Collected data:
╭──
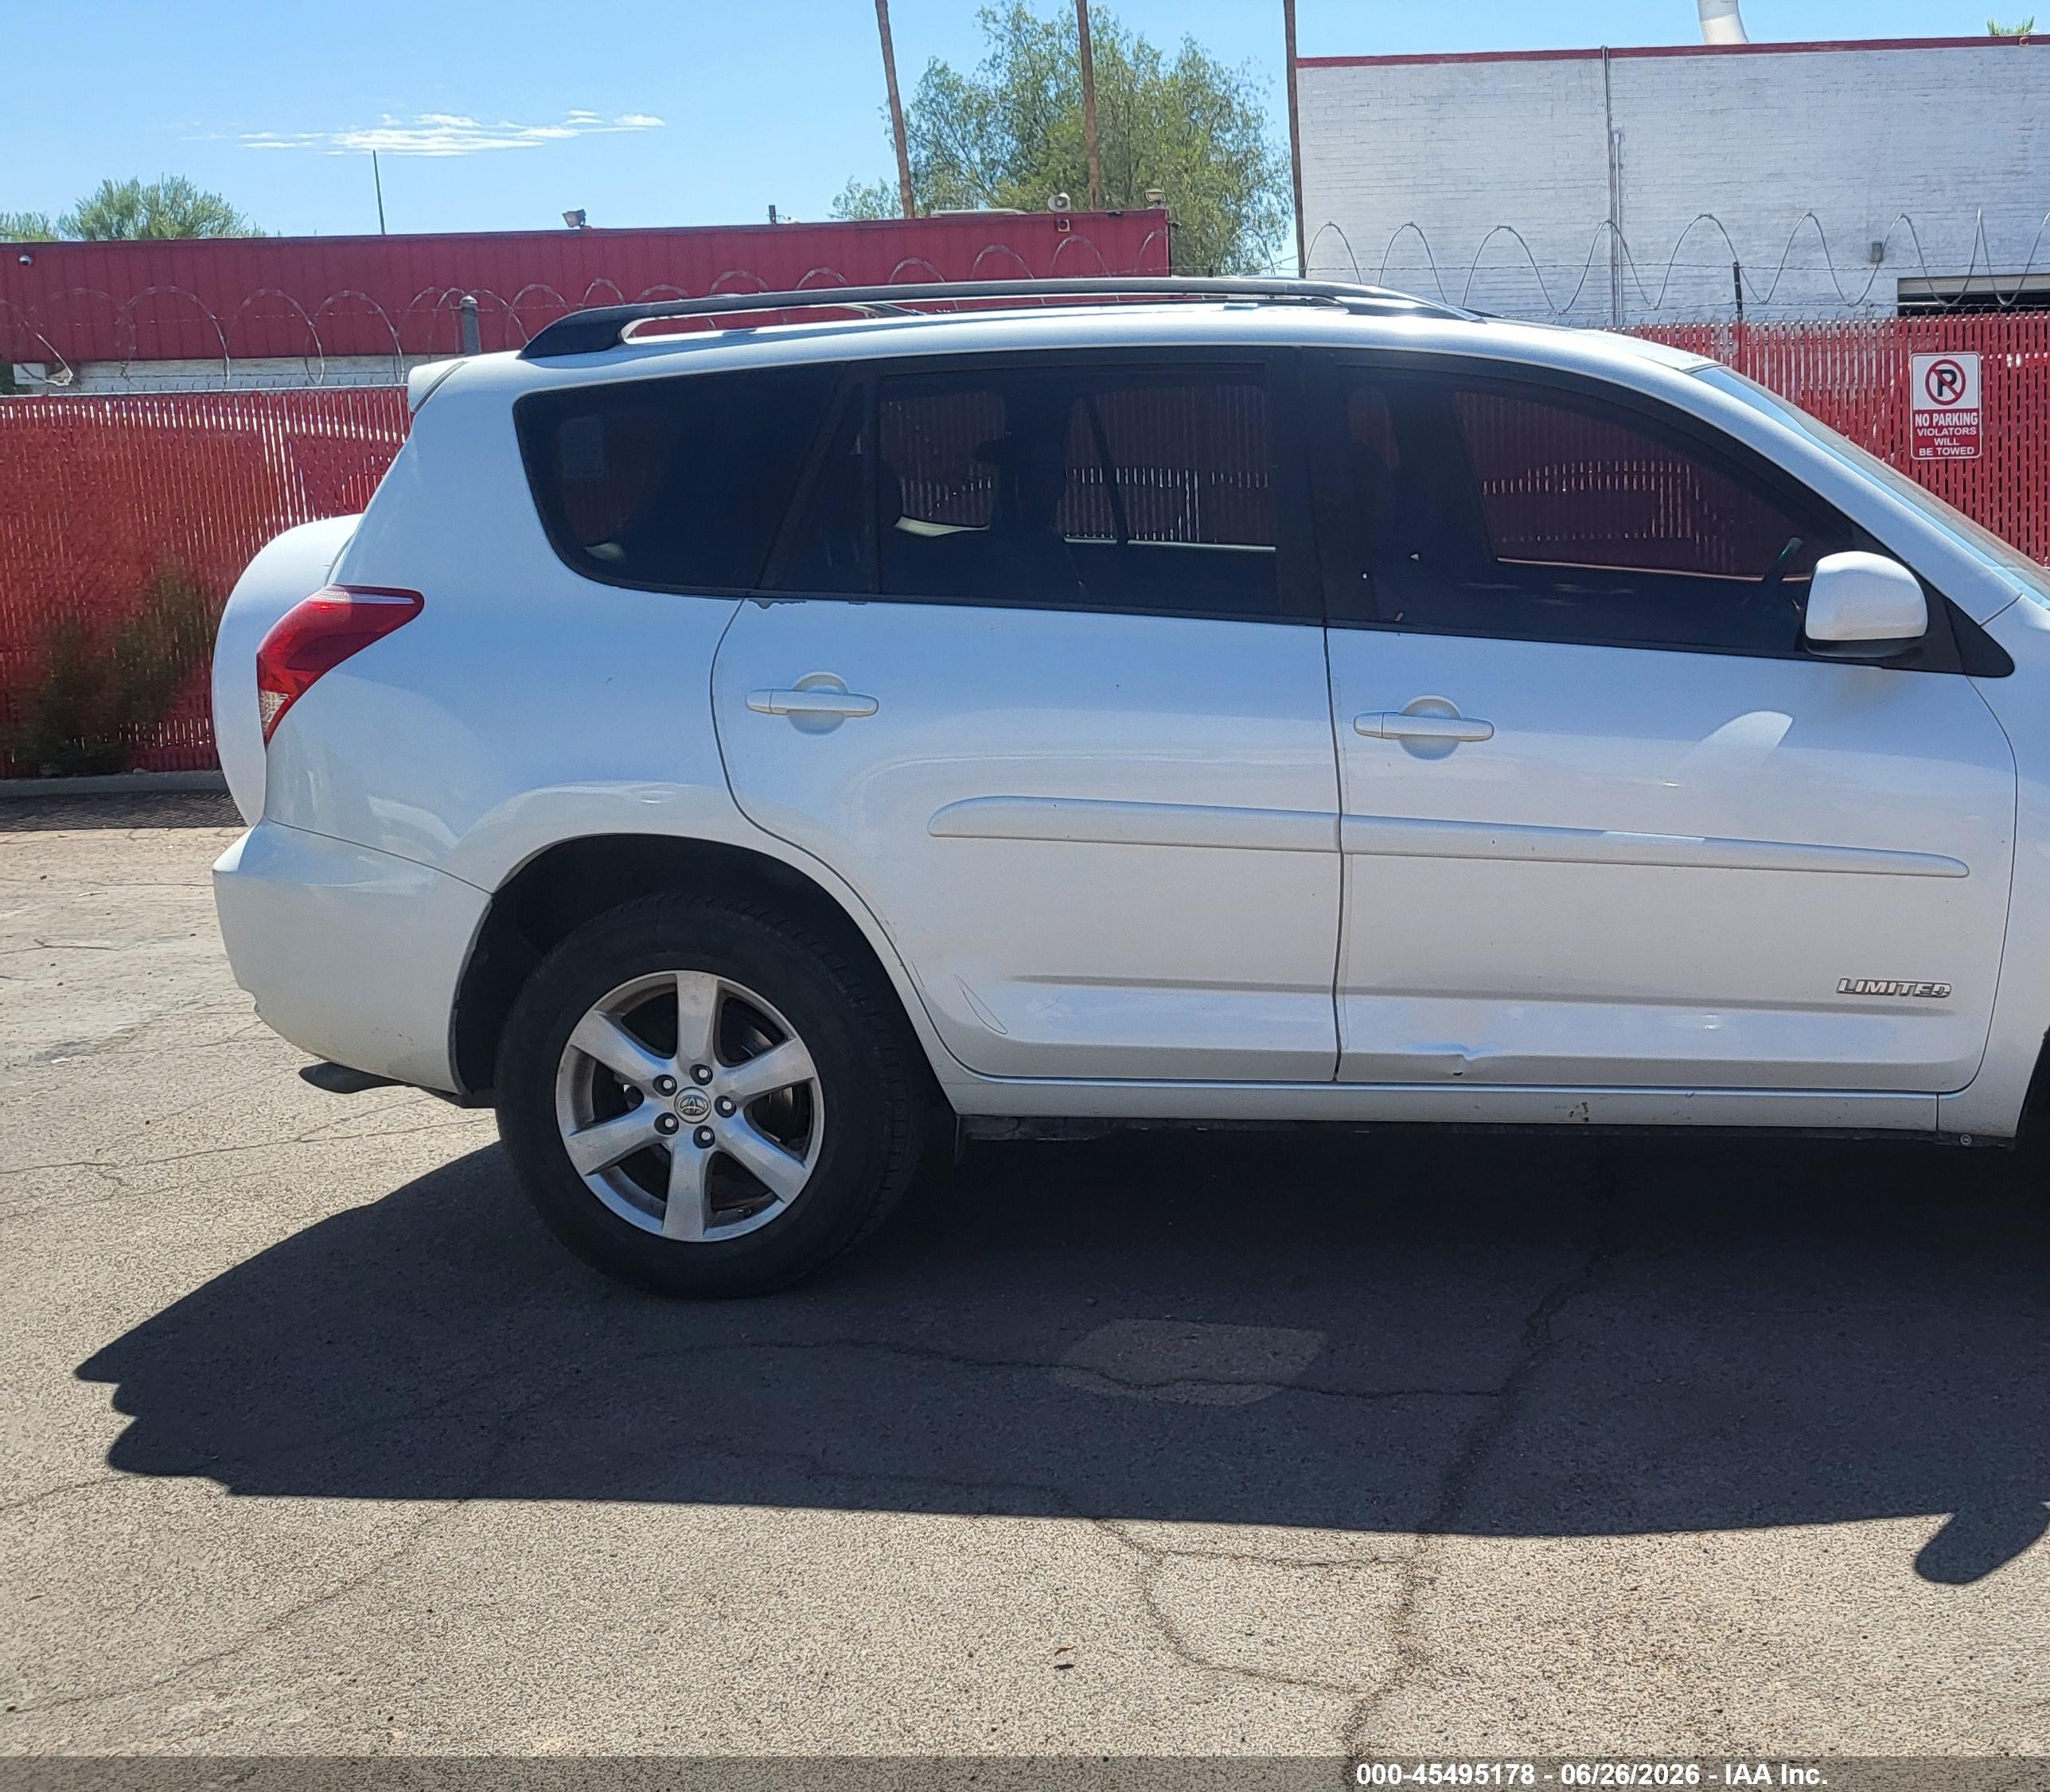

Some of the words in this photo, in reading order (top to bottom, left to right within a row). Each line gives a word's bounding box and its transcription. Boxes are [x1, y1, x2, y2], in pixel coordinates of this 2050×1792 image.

[1915, 413, 1930, 427] NO
[1932, 412, 1978, 427] PARKING
[1916, 427, 1977, 436] VIOLATORS
[1936, 446, 1974, 455] TOWED
[1837, 978, 1951, 998] LIMITED
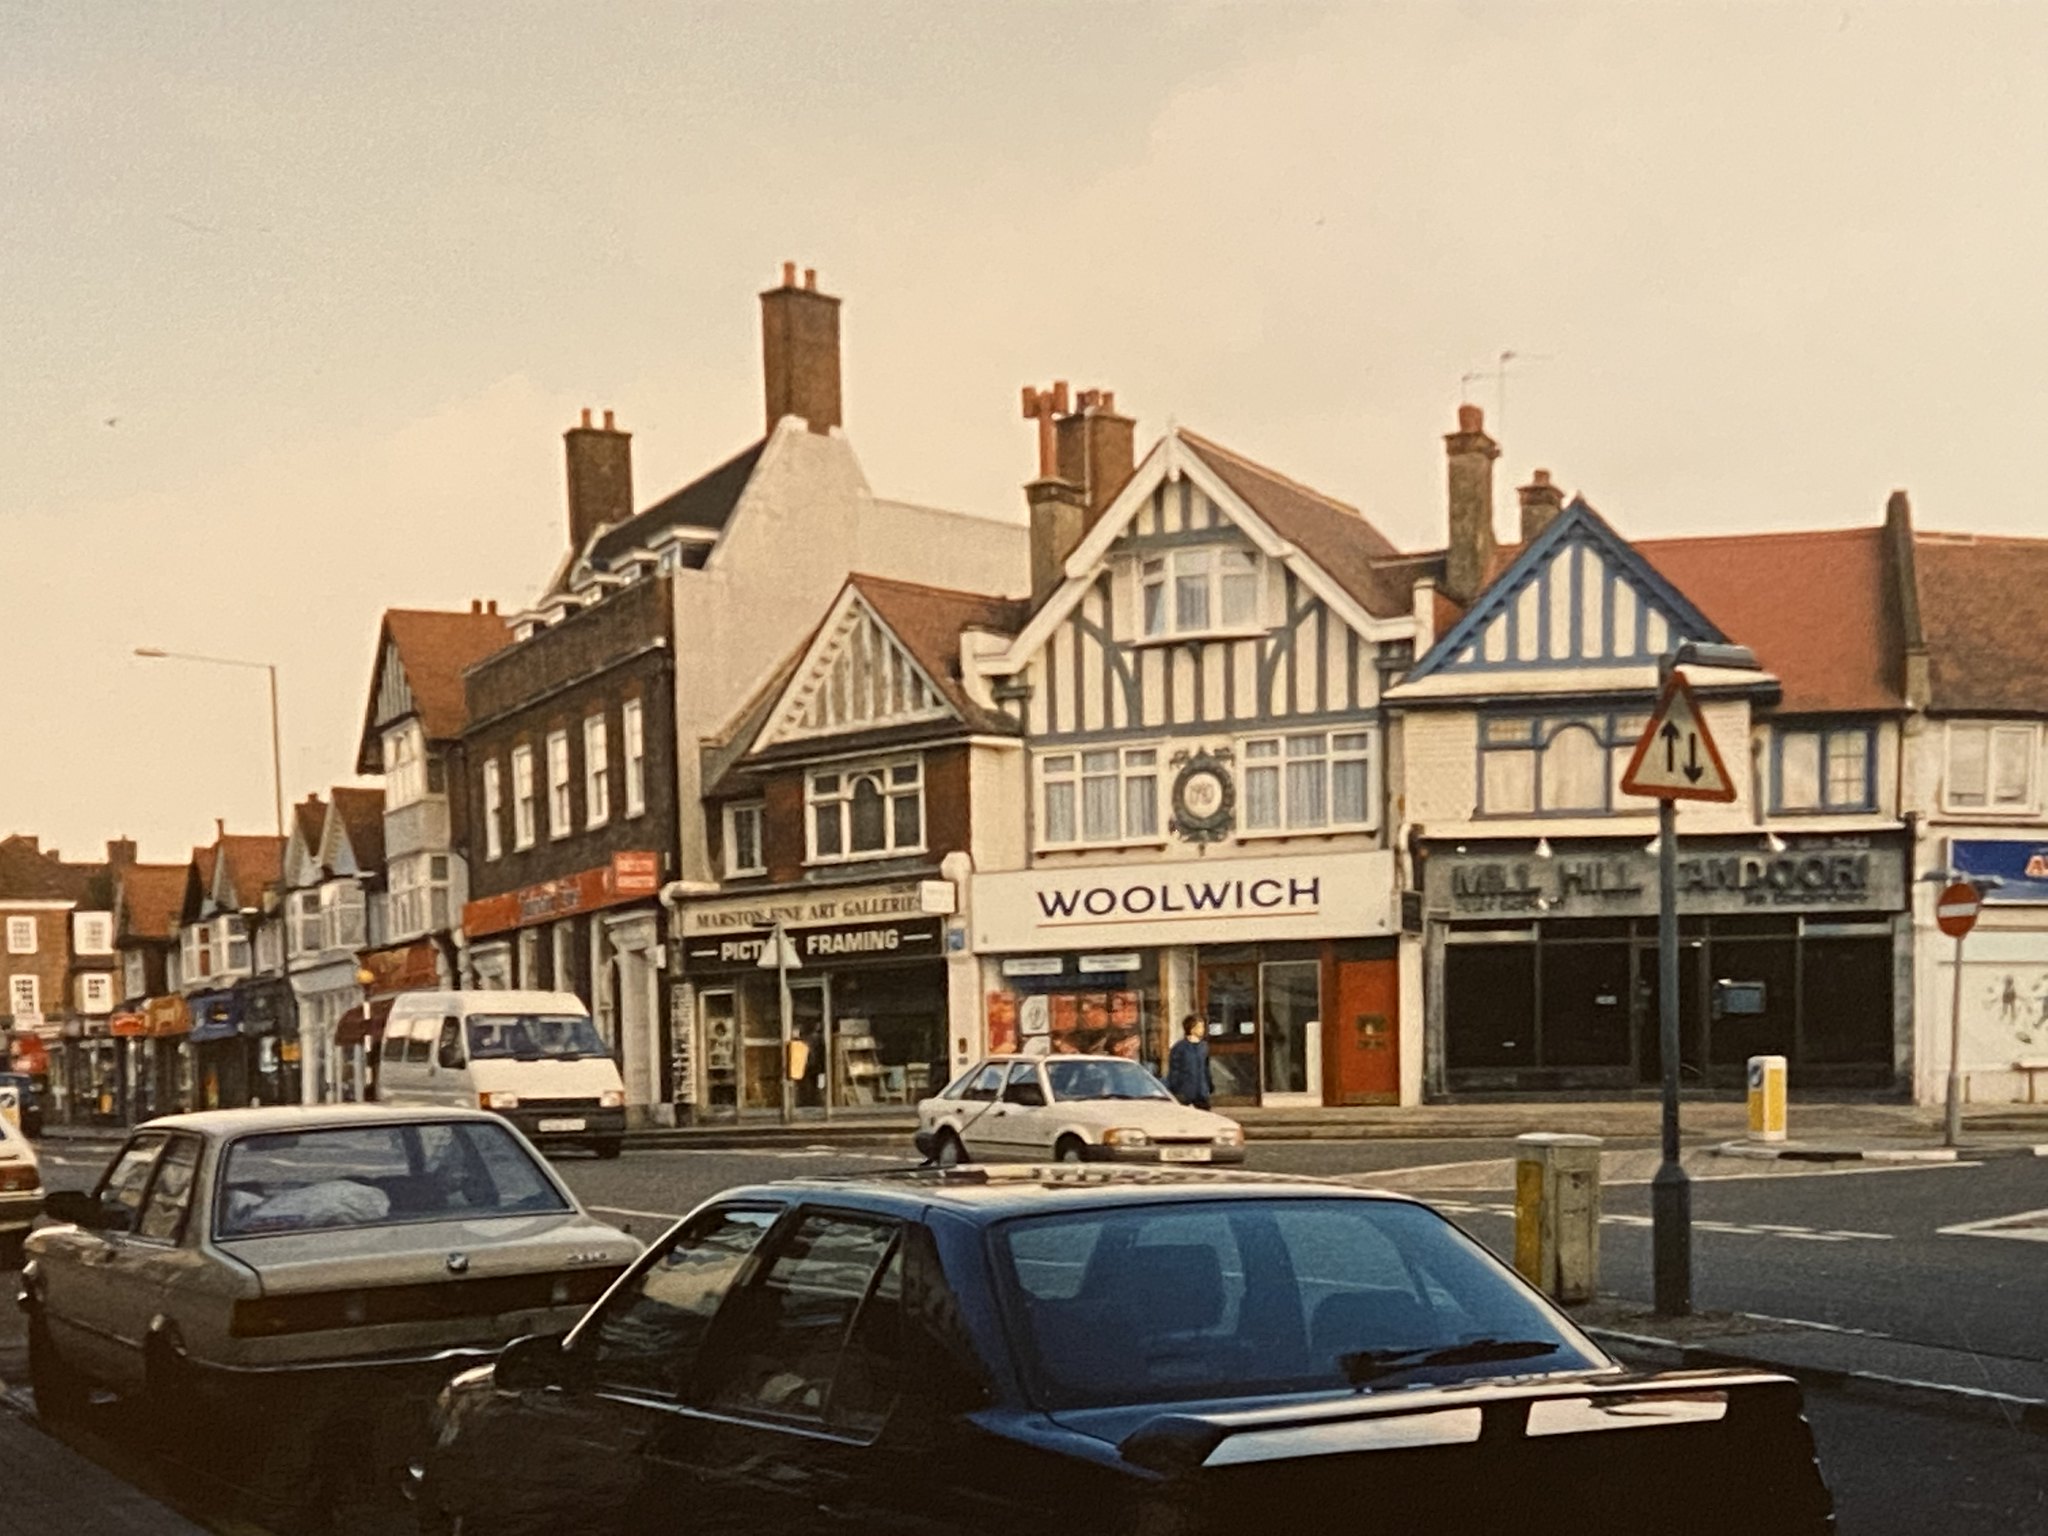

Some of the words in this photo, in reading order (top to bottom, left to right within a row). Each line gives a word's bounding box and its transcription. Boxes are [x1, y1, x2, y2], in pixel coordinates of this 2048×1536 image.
╰──
- TASK TO CARRY OUT: Would you print all the entries again exactly, minus any pictures?

- TASK OUTPUT:
Some of the words in this photo, in reading order (top to bottom, left to right within a row). Each line gives a word's bounding box and its transcription. Boxes are [x1, y1, x2, y2], in pixel coordinates of this 2050×1792 image.

[1915, 413, 1930, 427] NO
[1932, 412, 1978, 427] PARKING
[1916, 427, 1977, 436] VIOLATORS
[1936, 446, 1974, 455] TOWED
[1837, 978, 1951, 998] LIMITED

Some of the words in this photo, in reading order (top to bottom, left to right within a row). Each line gives a word's bounding box and its transcription. Boxes are [x1, y1, x2, y2], in pixel coordinates of this 2048×1536 image.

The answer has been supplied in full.